Aim of the task. Make an exact copy of every entry, leaving the pictures out.

Provided entries.
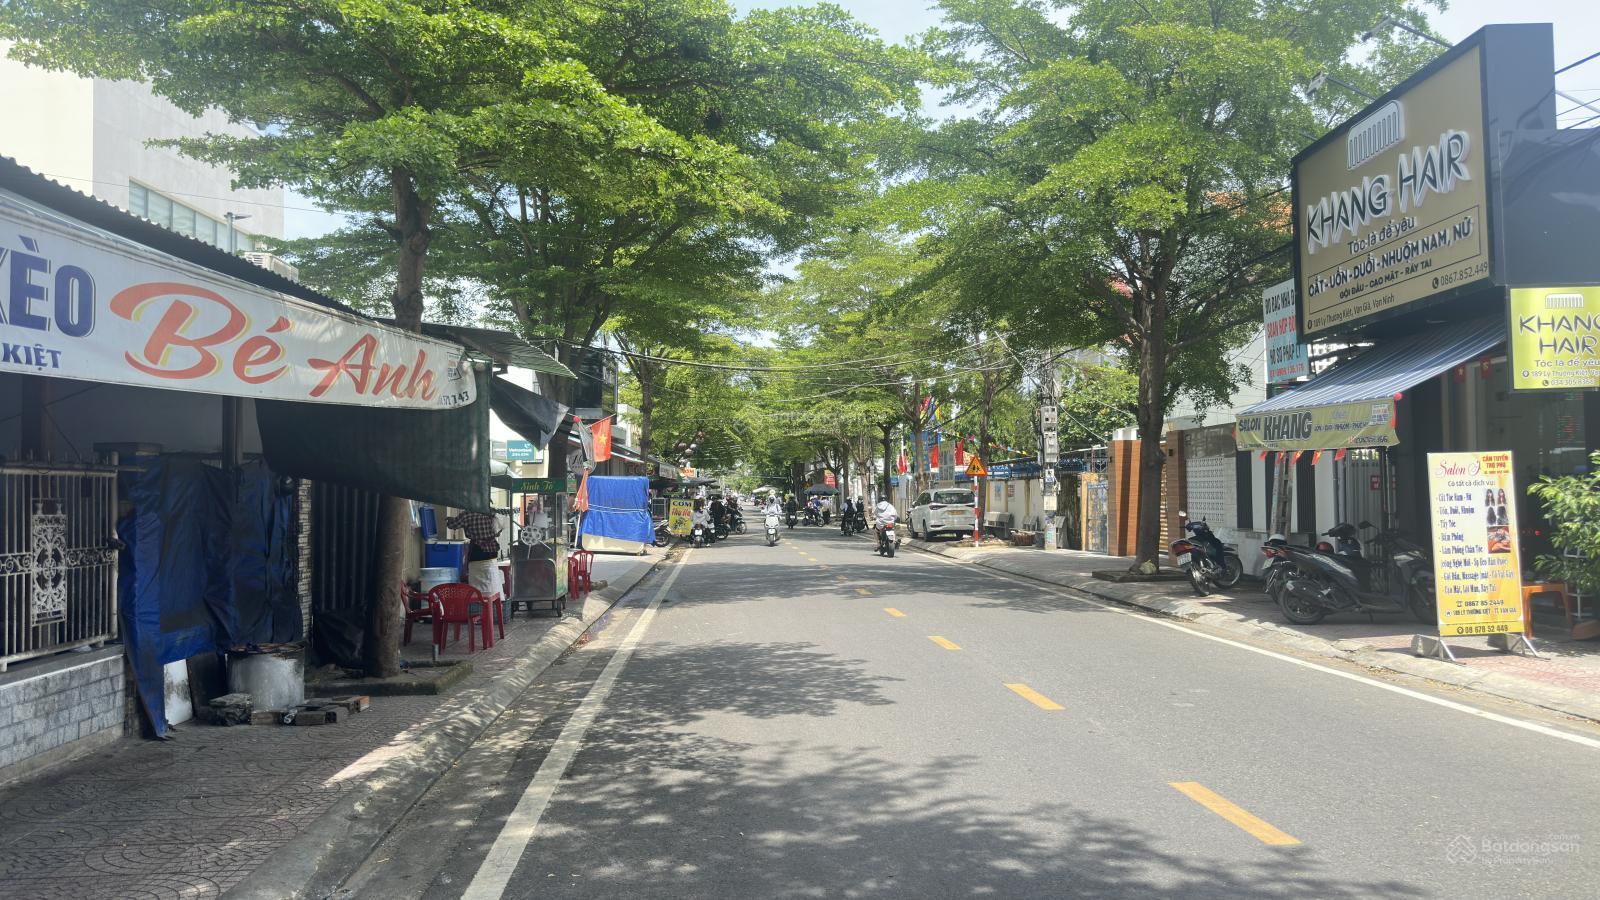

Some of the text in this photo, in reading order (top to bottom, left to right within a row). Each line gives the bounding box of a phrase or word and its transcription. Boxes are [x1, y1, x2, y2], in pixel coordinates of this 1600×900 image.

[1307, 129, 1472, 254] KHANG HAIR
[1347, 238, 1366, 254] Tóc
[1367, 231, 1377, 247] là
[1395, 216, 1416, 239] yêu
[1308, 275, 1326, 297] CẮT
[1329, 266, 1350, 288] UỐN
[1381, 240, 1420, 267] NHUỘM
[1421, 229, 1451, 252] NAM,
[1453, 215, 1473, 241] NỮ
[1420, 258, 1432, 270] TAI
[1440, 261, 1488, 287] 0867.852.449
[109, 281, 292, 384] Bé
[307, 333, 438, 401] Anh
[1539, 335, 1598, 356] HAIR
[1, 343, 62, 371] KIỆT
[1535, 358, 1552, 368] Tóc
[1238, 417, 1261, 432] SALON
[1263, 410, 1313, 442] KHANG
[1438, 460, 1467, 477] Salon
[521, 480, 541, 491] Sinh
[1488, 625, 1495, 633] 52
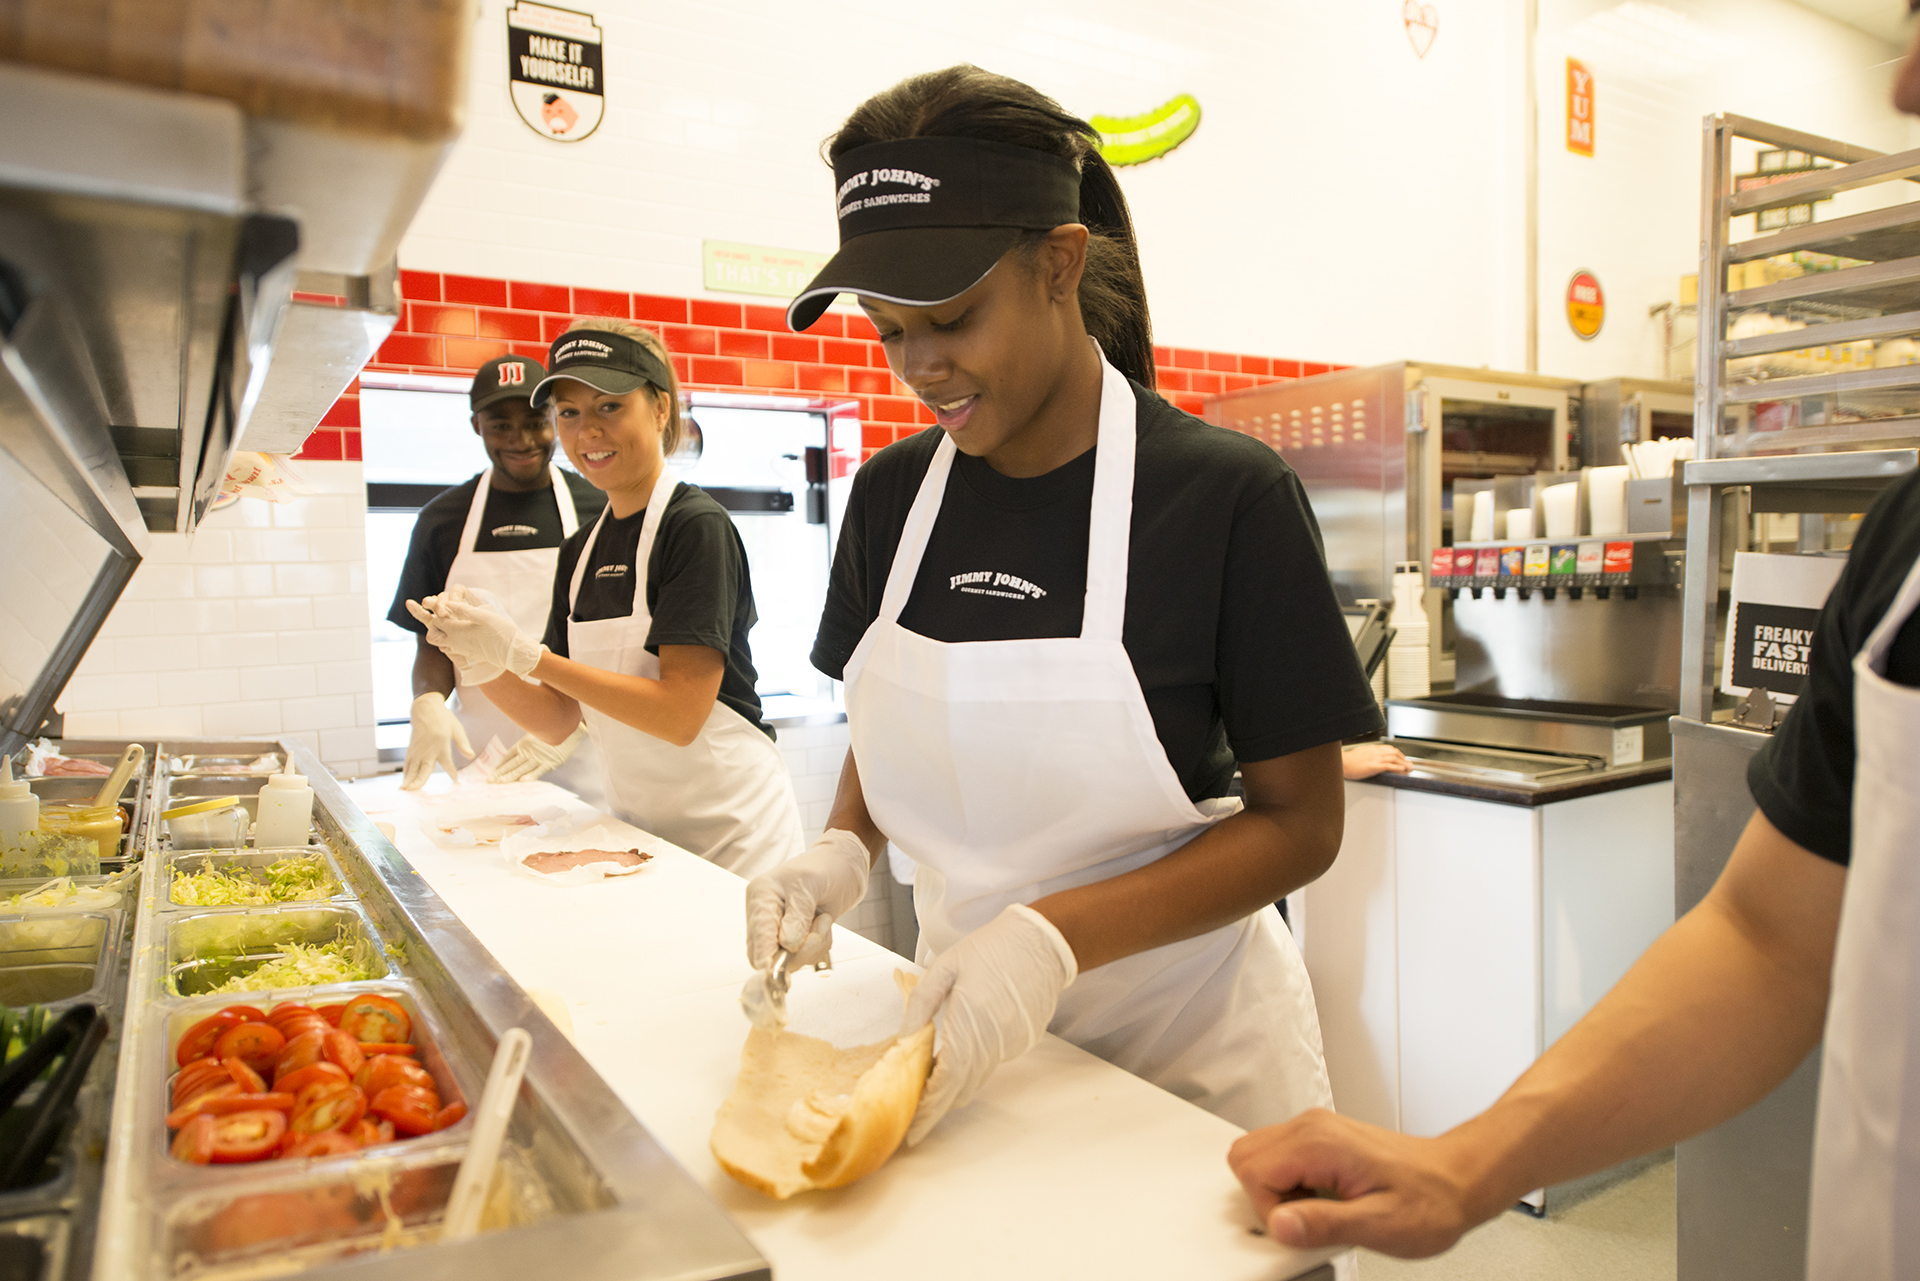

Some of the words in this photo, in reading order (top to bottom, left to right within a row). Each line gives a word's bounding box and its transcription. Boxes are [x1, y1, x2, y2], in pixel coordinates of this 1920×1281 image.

Response area.
Some of the text in this photo, in reading order (top to bottom, left to right within a row). Each line gives the bounding box of a phrase or word and its transcription. Boxes are [x1, y1, x2, y2], in pixel coordinates of this 1600×900 image.

[1307, 129, 1472, 254] KHANG HAIR
[1347, 238, 1366, 254] Tóc
[1367, 231, 1377, 247] là
[1395, 216, 1416, 239] yêu
[1308, 275, 1326, 297] CẮT
[1329, 266, 1350, 288] UỐN
[1381, 240, 1420, 267] NHUỘM
[1421, 229, 1451, 252] NAM,
[1453, 215, 1473, 241] NỮ
[1420, 258, 1432, 270] TAI
[1440, 261, 1488, 287] 0867.852.449
[109, 281, 292, 384] Bé
[307, 333, 438, 401] Anh
[1539, 335, 1598, 356] HAIR
[1, 343, 62, 371] KIỆT
[1535, 358, 1552, 368] Tóc
[1238, 417, 1261, 432] SALON
[1263, 410, 1313, 442] KHANG
[1438, 460, 1467, 477] Salon
[521, 480, 541, 491] Sinh
[1488, 625, 1495, 633] 52

Some of the words in this photo, in reading order (top to bottom, left to right within a row). Each line gives a word's bounding box and its transcription. Boxes are [x1, y1, x2, y2], in pixel coordinates of this 1920×1281 image.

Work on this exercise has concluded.